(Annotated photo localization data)
● ● ●
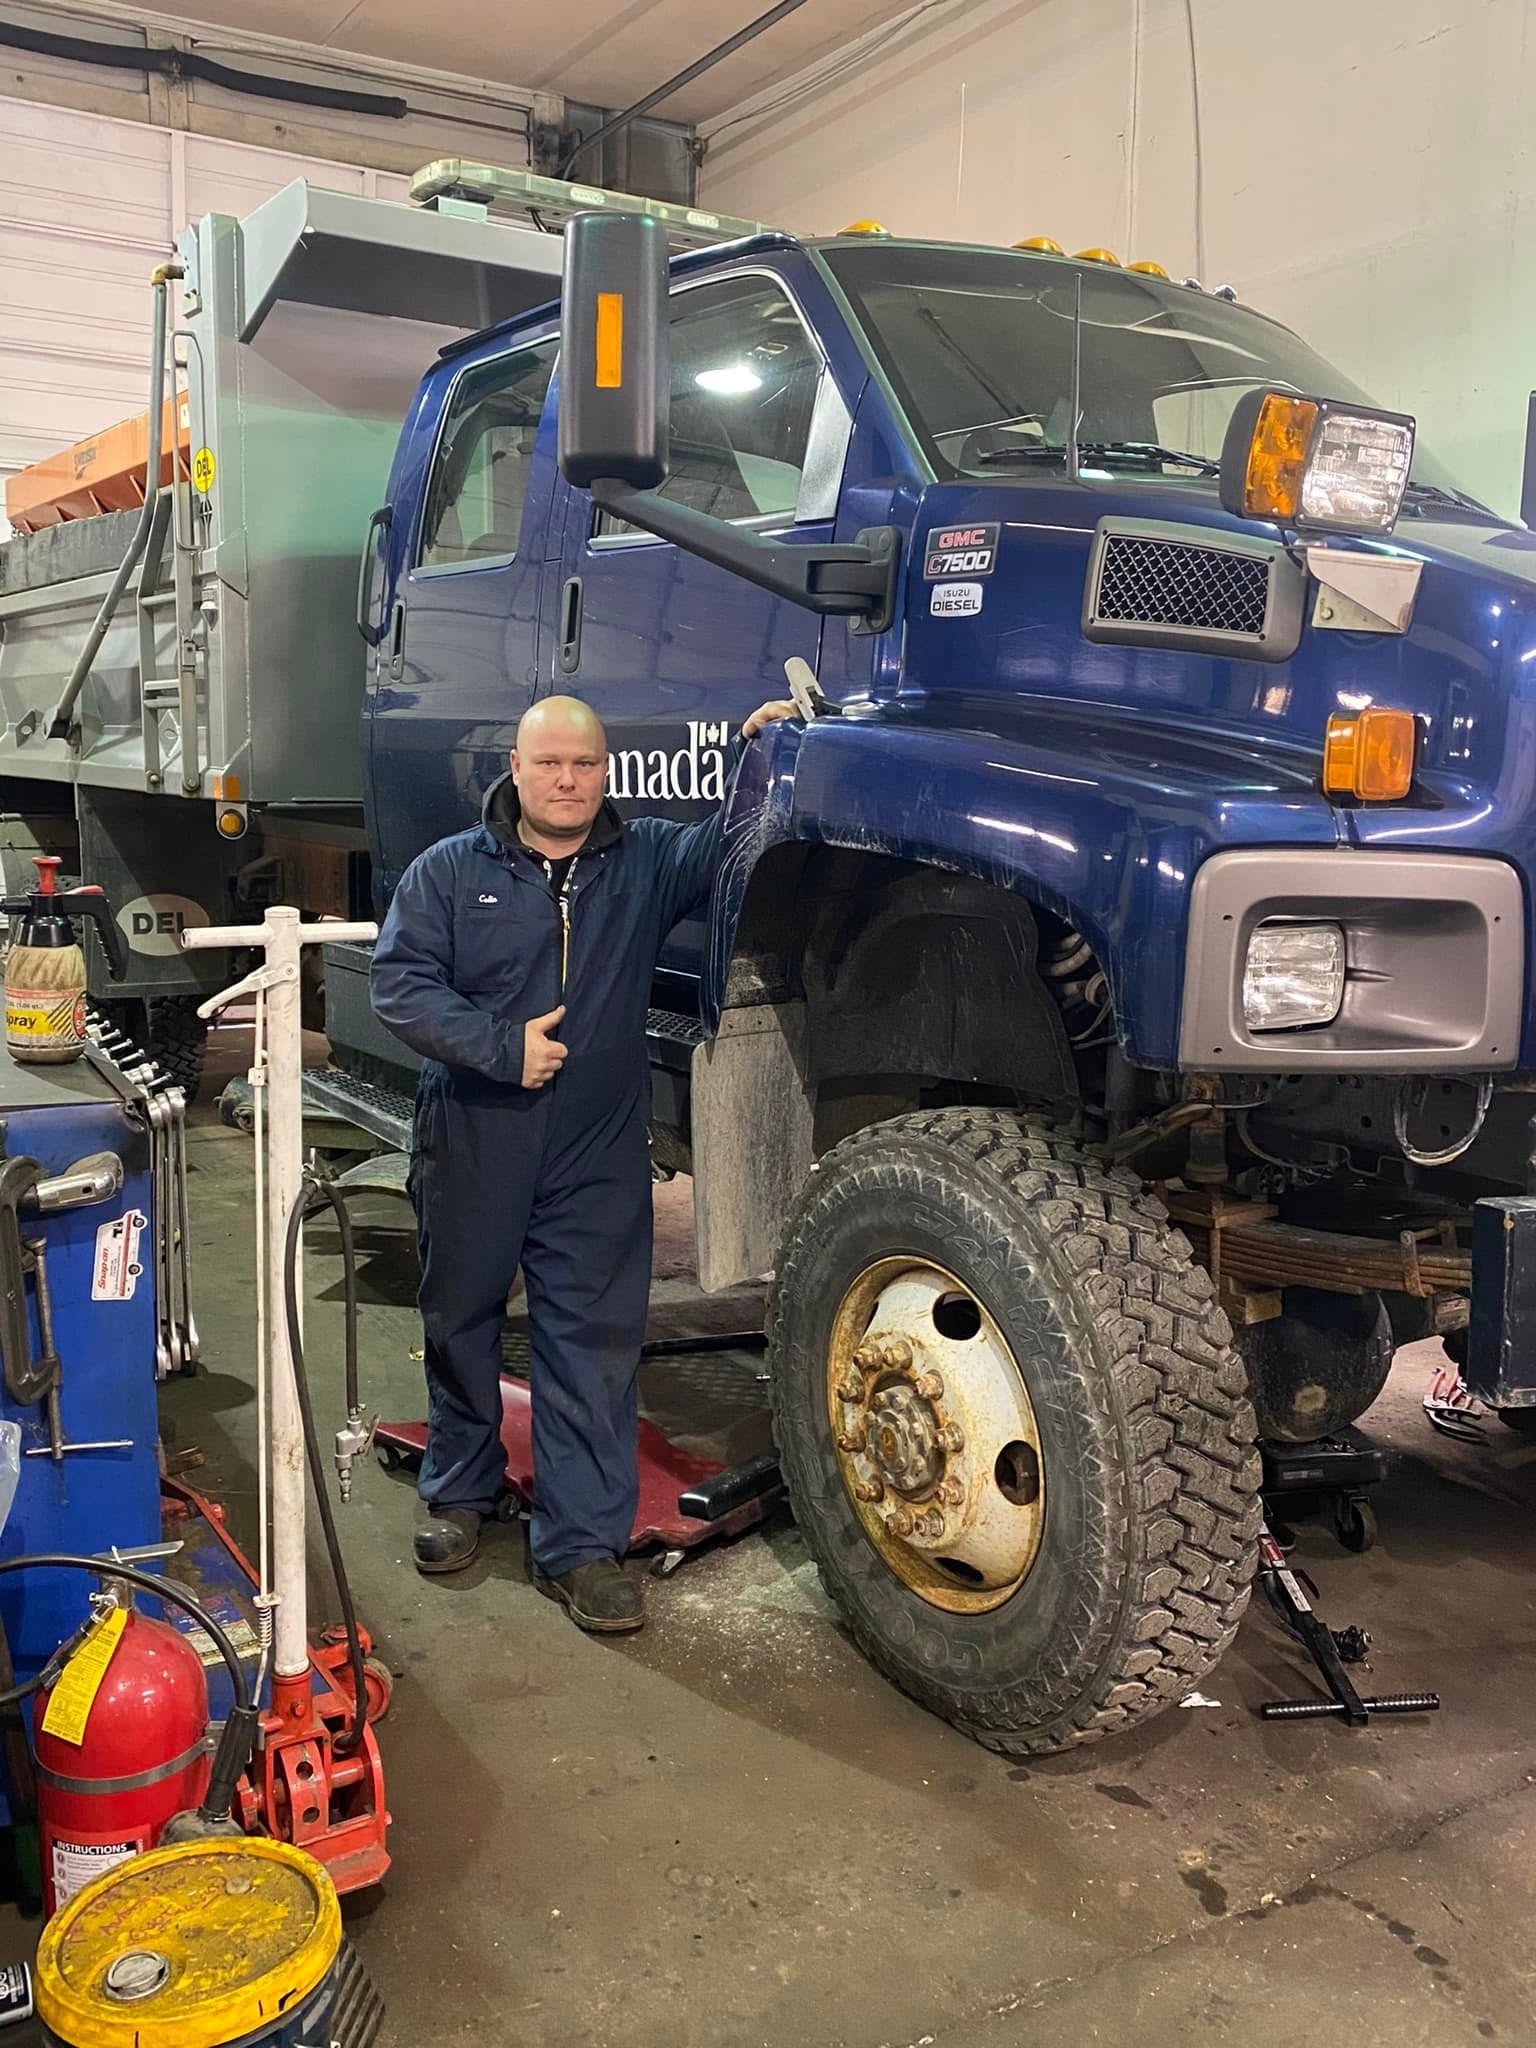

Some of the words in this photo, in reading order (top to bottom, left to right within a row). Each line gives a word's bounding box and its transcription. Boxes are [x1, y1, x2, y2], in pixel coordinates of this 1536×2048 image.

[196, 456, 212, 478] DEL
[939, 529, 986, 548] GMC
[928, 550, 991, 574] C7500
[943, 589, 970, 598] ISUZU
[932, 600, 979, 611] DIESEL
[604, 721, 725, 800] anada
[6, 1011, 36, 1030] pray
[98, 1247, 109, 1290] Snap-on
[56, 1840, 128, 1855] INSTRUCTIONS
● ● ●
→ EXERCISE INSTRUCTIONS:
Reproduce all the records verbatim, excluding images.

→ ANSWER SECTION:
Some of the words in this photo, in reading order (top to bottom, left to right within a row). Each line gives a word's bounding box and its transcription. Boxes are [x1, y1, x2, y2], in pixel coordinates of this 1536×2048 image.

[196, 456, 212, 478] DEL
[939, 529, 986, 548] GMC
[928, 550, 991, 574] C7500
[943, 589, 970, 598] ISUZU
[932, 600, 979, 611] DIESEL
[604, 721, 725, 800] anada
[6, 1011, 36, 1030] pray
[98, 1247, 109, 1290] Snap-on
[56, 1840, 128, 1855] INSTRUCTIONS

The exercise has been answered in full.